What is needed is a faithful transcription of all the data below, pictures excluded.

**DATA:**
=-=-=-=-=
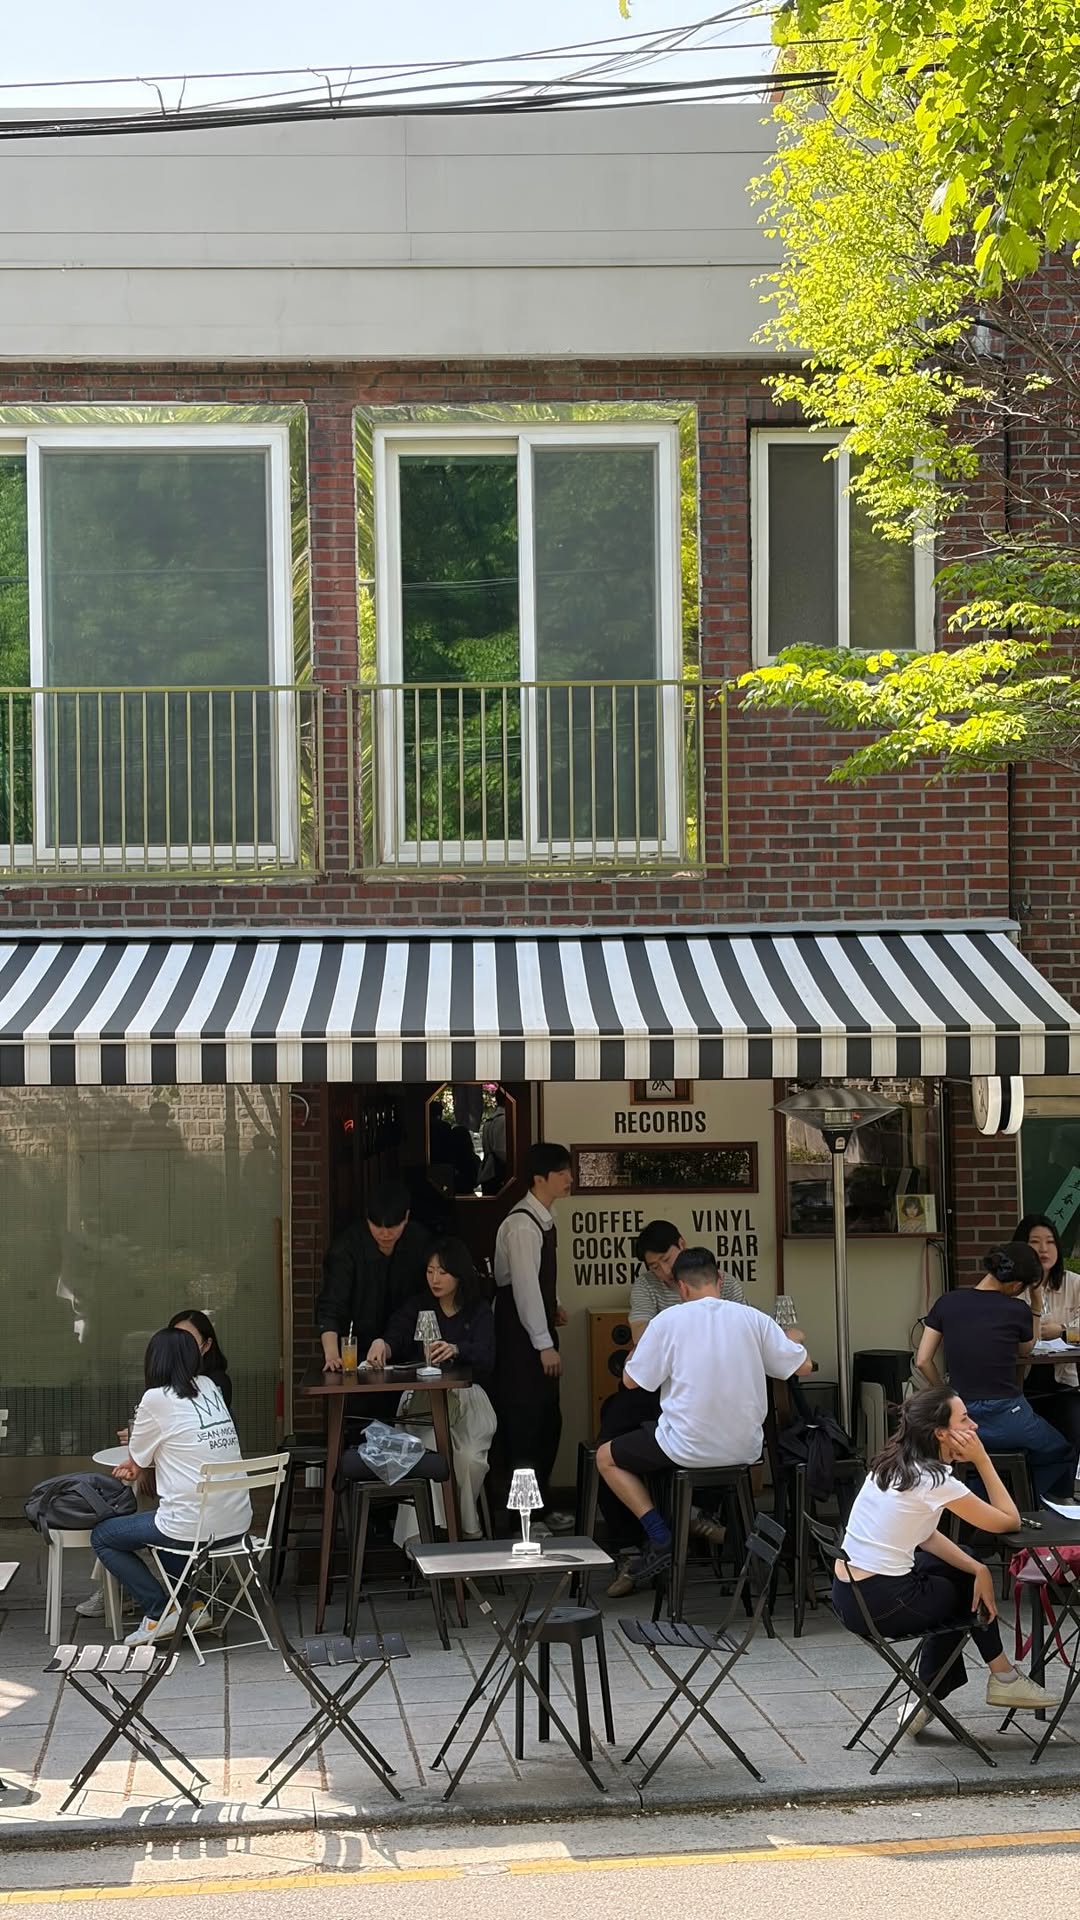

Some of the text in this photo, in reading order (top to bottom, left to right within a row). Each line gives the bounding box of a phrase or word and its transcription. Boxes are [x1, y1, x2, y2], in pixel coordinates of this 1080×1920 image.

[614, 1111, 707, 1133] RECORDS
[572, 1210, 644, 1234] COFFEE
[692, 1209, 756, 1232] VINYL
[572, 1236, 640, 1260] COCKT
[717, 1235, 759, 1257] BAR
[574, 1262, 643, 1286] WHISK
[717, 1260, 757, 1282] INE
=-=-=-=-=
**WRITTEN REPLY:**
Some of the text in this photo, in reading order (top to bottom, left to right within a row). Each line gives the bounding box of a phrase or word and its transcription. Boxes are [x1, y1, x2, y2], in pixel coordinates of this 1080×1920 image.

[614, 1111, 707, 1133] RECORDS
[572, 1210, 644, 1234] COFFEE
[692, 1209, 756, 1232] VINYL
[572, 1236, 640, 1260] COCKT
[717, 1235, 759, 1257] BAR
[574, 1262, 643, 1286] WHISK
[717, 1260, 757, 1282] INE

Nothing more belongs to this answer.